Terminará hoje o prazo para o Governo entregar, na Assembleia da República, a sua proposta de Orçamento de Estado para 2011.
Como muito bem lembrou ontem um ex-ministro da economia de Guterres, que se dedicou a outros negócios - ou que se dedicou, em exclusividade, ao negócio -, não é o Governo que condiciona a Assembleia mas a Assembleia que deve condicionar o Governo.
Não foi exactamente assim que terá dito, mas esta era a ideia, mostrando que não esqueceu de tudo o que aprendeu por outras Escolas, e que se traduz no facto de ser a Assembleia da República que aprova (ou não) a proposta de Orçamento e não o Governo que aprova o que quer que seja da Assembleia da República.
Parece um pormenor com ares de questão processual de somenos?
Pois não o é. E a prova é que antes do 25 de Abril, o Orçamento (Geral) do Estado era da exclusiva responsabilidade do Governo, não tendo de passar pela Assembleia Nacional. O Governo apresentava à Assembleia uma Proposta de Lei de Meios, com o que intentava que viessem a ser as linhas gerais da política no ano seguinte, a Assembleia Nacional aprovava (claro!) essas intenções, e o Governo fazia o seu Orçamento (Geral do Estado), sem qualquer outro condicionalismo que não fosse o de, teoricamente, respeitar as linhas gerais adoptadas pela Lei de Meios.
Era assim. A mudança não foi apenas formal. O centro de decisão deslocou-se para onde estão os eleitos, e deverão ser os eleitos a aprovar o Orçamento de Estado, sob proposta do Governo. E se a Assembleia Nacional não tinha um pingo de democracia e só servia de faz-de-conta, depois de 1976, a Assembleia da República passou a ser, no papel (constitucional), o local onde os representantes do povo que os elege decide sobre o orçamento enquanto instrumento da política.
Estou a escrever sobre ficção? Não. É sobre democracia, tal como plasmada em Constituição da República Portuguesa. Mas, como dizia o título de um livro já com muitas décadas, na prática a realidade é outra. Bem pouco democrática.

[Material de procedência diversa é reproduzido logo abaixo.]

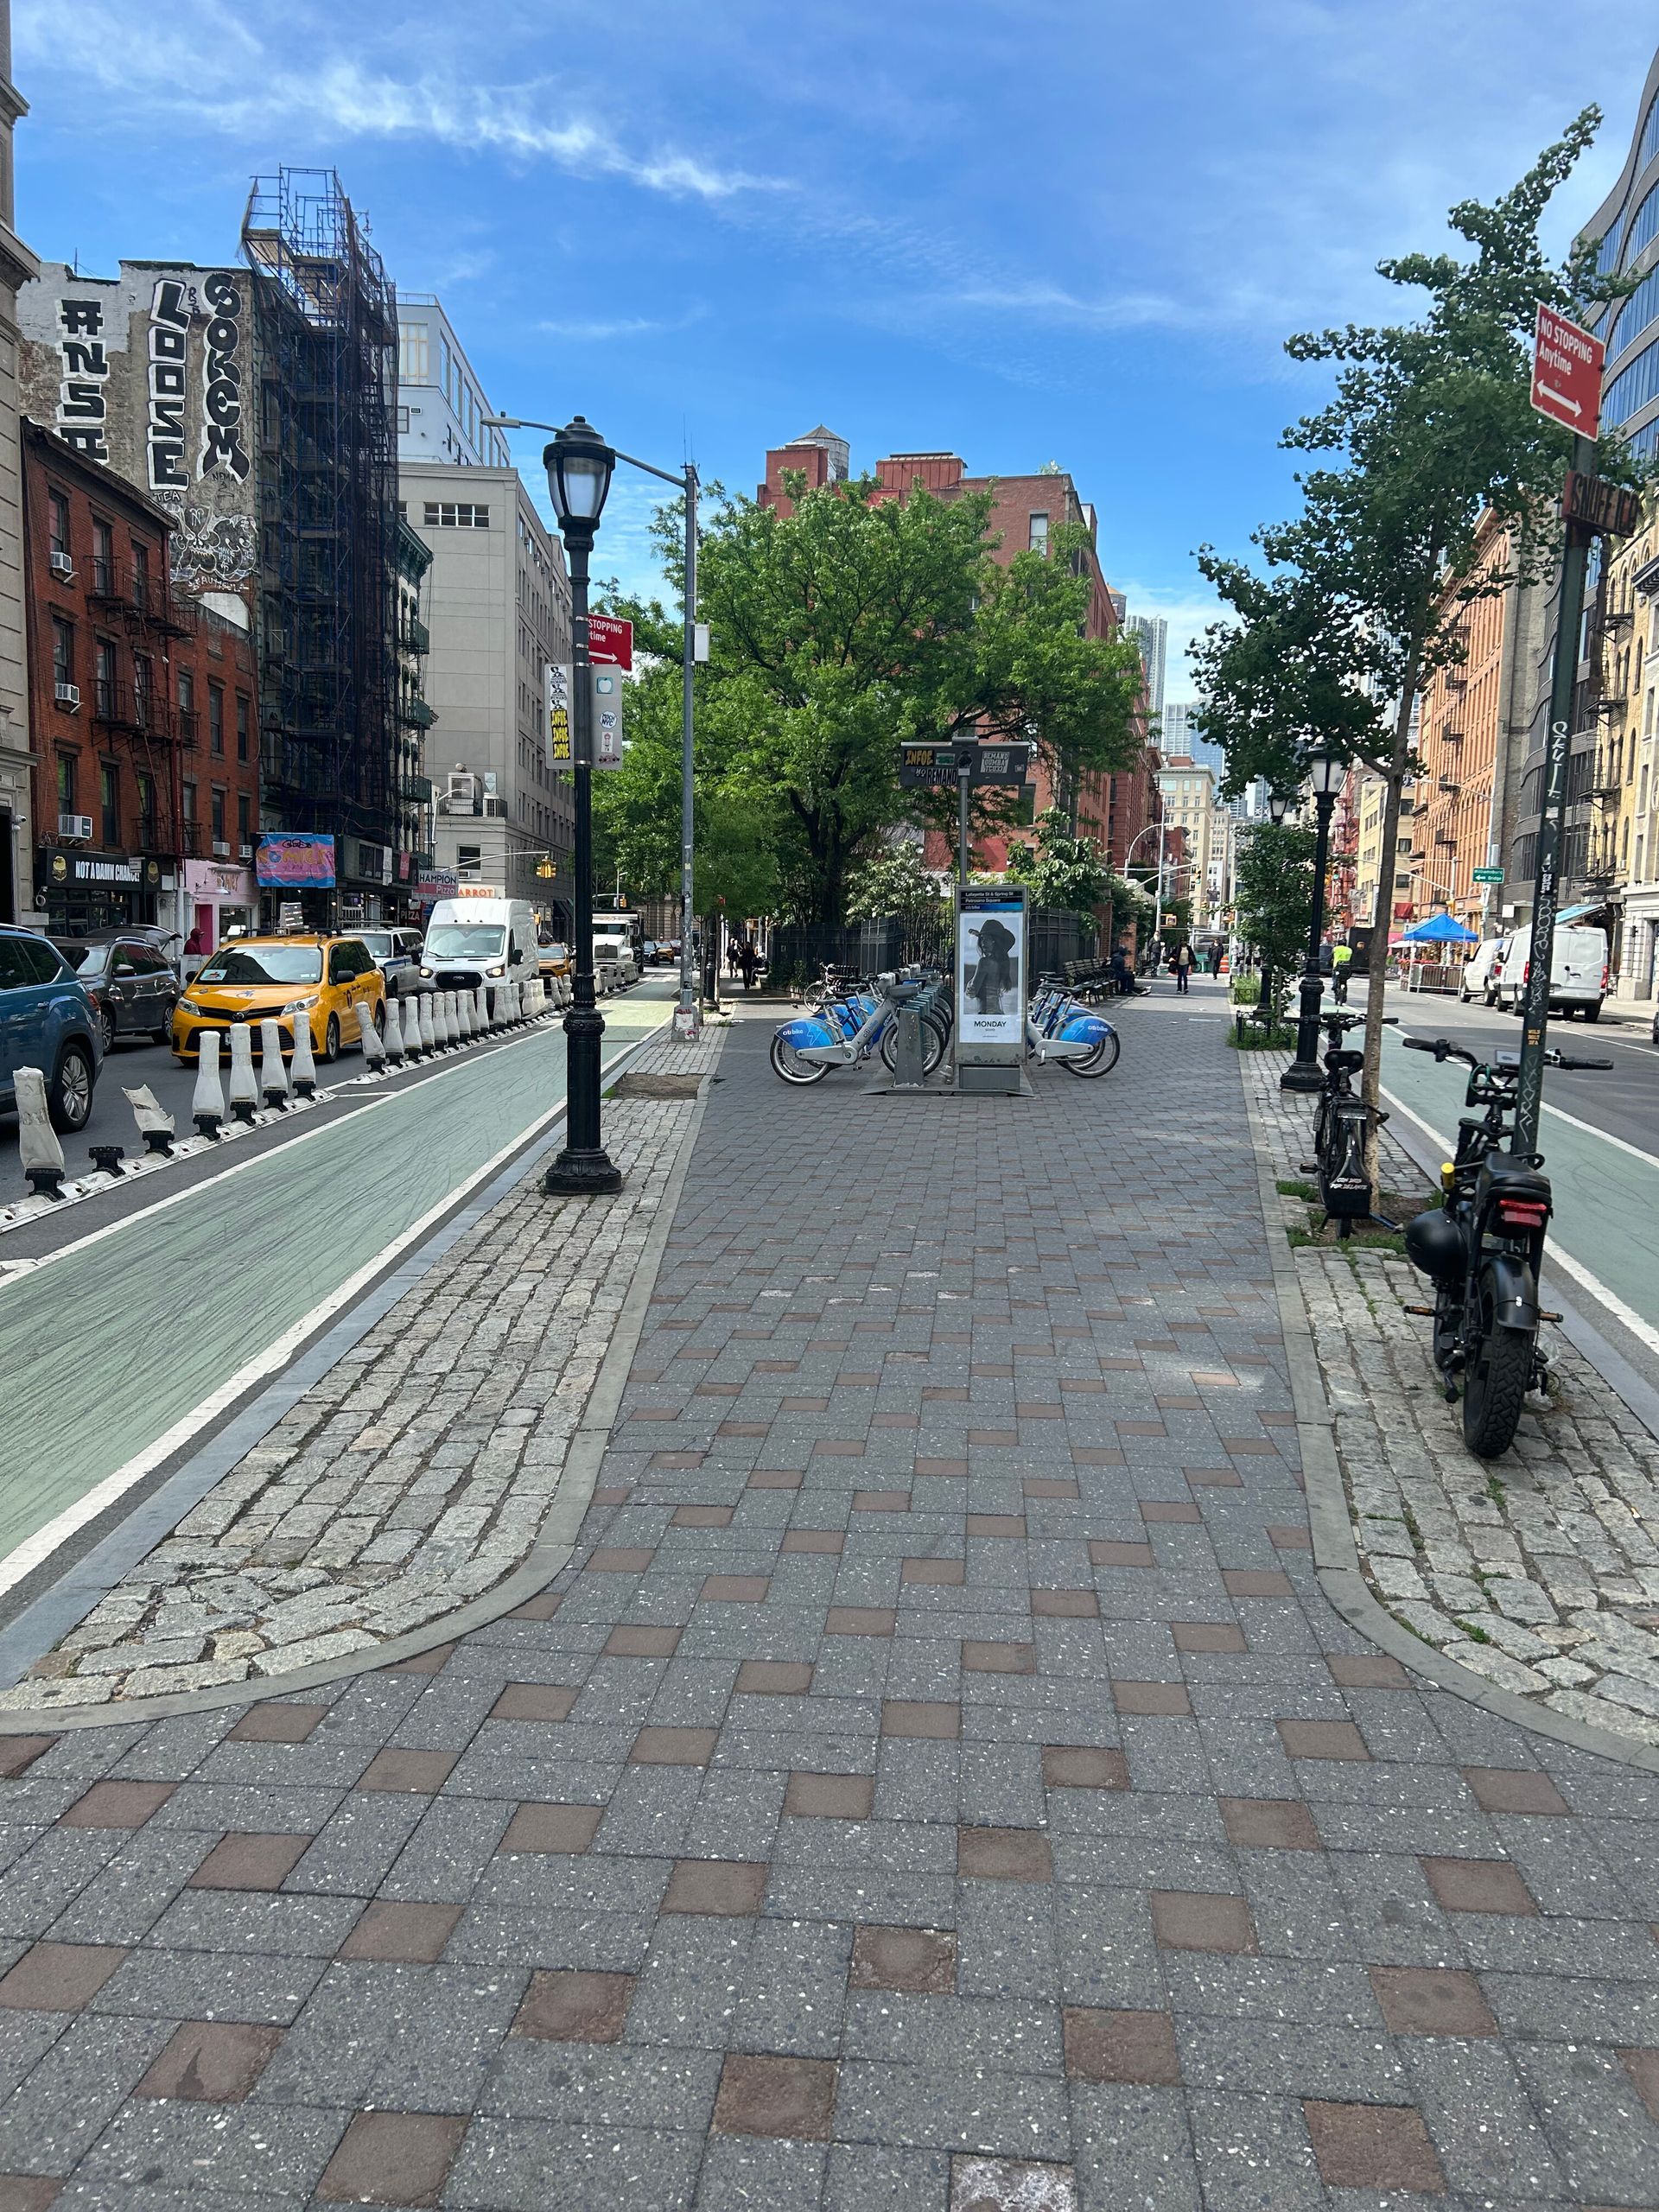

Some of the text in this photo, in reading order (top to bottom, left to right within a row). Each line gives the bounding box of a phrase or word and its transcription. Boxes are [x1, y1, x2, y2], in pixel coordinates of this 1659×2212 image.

[1541, 315, 1592, 364] NO STOPPING
[1539, 340, 1572, 375] Anytime
[147, 277, 192, 492] LOOSE
[154, 491, 181, 501] TEA
[588, 618, 623, 634] STOPPING
[588, 630, 607, 642] time
[927, 768, 957, 785] REMAND
[75, 861, 90, 879] NOT
[90, 862, 95, 880] A
[96, 863, 115, 881] DAMN
[435, 885, 455, 894] Pizza
[401, 910, 420, 920] PIZZA

ainda sairá mais qualquer coisa
3 comentários:
Claríssimo, o teu texto.
Entretanto, apesar de a história não se repetir, hoje existe quem pretende esvaziar, na prática, essa mesma discussão e aprovação. Hoje, depois de terem adulterado a discussão e aprovação do Orçamento do Estado, depois de terem tornado este documento num opaco amontuado de folhas e quadros, depois de impedirem a fiscalização e identificação dos projectos do Plano de Investimento e Despesas de Desenvolvimento da Administração Central, não desistem da pretensão de limitar a discussão política da actividade do Estado e do seu financiamento.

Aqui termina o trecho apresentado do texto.